Jean-Paul Sartre lo chiarisce subito: Antoine Roquentin è diverso da tutti gli altri. La gente di Bouville è feroce e dabbene. La distinzione ci fa supporre, per differenza, che Antoine (Antonio, nell'edizione italiana) non sia feroce e neanche tanto dabbene. Questo è l'incipit della prefazione che l'autore scrisse per la prima edizione del suo romanzo, La nausea. Ma che cos'è la Nausea?
Compresi che non c'era via di mezzo tra l'inesistenza e questa sdilinquita abbondanza. Se si esisteva, bisognava esistere fin lì, fino alla muffa, al rigonfiamento, all'oscenità. (...) Eravamo un mucchio di esistenti impacciati, imbarazzati da noi stessi, non avevamo la minima ragione d'esser lì, né gli uni né gli altri, ciascun esistente, confuso, vagamente inquieto.

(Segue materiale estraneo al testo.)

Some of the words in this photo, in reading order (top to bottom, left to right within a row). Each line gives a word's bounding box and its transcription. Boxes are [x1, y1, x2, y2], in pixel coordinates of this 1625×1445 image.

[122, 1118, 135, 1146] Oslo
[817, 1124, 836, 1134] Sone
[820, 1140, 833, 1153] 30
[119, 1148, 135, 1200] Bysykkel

Il primo sintomo si manifestò durante una passeggiata, quando Antonio raccolse un ciottolo e lo strinse tra le mani. Solo questo. L'episodio era irrilevante, eppure sentì il bisogno di appuntarlo sul suo diario. Tenere quel sasso gli aveva dato una strana sensazione. Si era accorto che quella cosa esisteva. Non aveva soltanto una massa, un peso e una dimensione: esisteva in senso stretto, aveva una sua presenza. Era un pensiero nuovo, che non gli era mai capitato prima. Quello (ma Antonio non poteva ancora saperlo) è il primo stadio della malattia. M'invento un nome, perché Sartre non l'ha fatto. La chiamo: la nausea dalle cose.

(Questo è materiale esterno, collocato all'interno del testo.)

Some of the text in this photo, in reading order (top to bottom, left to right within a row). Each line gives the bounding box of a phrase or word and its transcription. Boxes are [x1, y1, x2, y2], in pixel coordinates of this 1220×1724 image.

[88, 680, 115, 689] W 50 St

Antonio si accorge che gli oggetti esistono: tutto esiste, lui non lo sapeva. Anzi, l'aveva sempre saputo ma non ci aveva pensato prima, il che lo fa sentire peggio perché le cose esistevano in quel modo da tanto tempo e lui non si era mai soffermato. Antonio si sente oppresso da questa nuova consapevolezza, che avverte come un'improvvisa e sfacciata illuminazione. Noi lo seguiamo arrancare per strada, tra i palazzi, dentro i vicoli, con un passo sempre più incerto. «Avrei desiderato che le cose esistessero in maniera meno forte». Ha l'impressione che le estremità degli edifici si uniscano, chiudendosi sopra di lui per oscurargli il cielo.

Un pensiero rincorre un altro pensiero: come le cose esistono, le persone esistono. Gli uomini sono in modo osceno, feroce. Si appropriano di un diritto che pensano sia loro dovuto. Perché non capiscono quanto siano inutili nel loro esistere, che abuso sia occupare uno spazio nel mondo senza uno scopo preciso? Eppure... vivono, eppure, qualche volta, vivono felici. Non vedono, come Antonio non vedeva. Ecco perché sono così cordiali l'uno con l'altro, perché si sopportano? Come se non fosse uno sforzo frequentarsi. Si amano, addirittura, almeno così credono. Un amore superficiale in un'esistenza superficiale. Sono persone così "dabbene". Scivolando nella seconda fase della malattia, Antonio soffre della nausea dagli uomini.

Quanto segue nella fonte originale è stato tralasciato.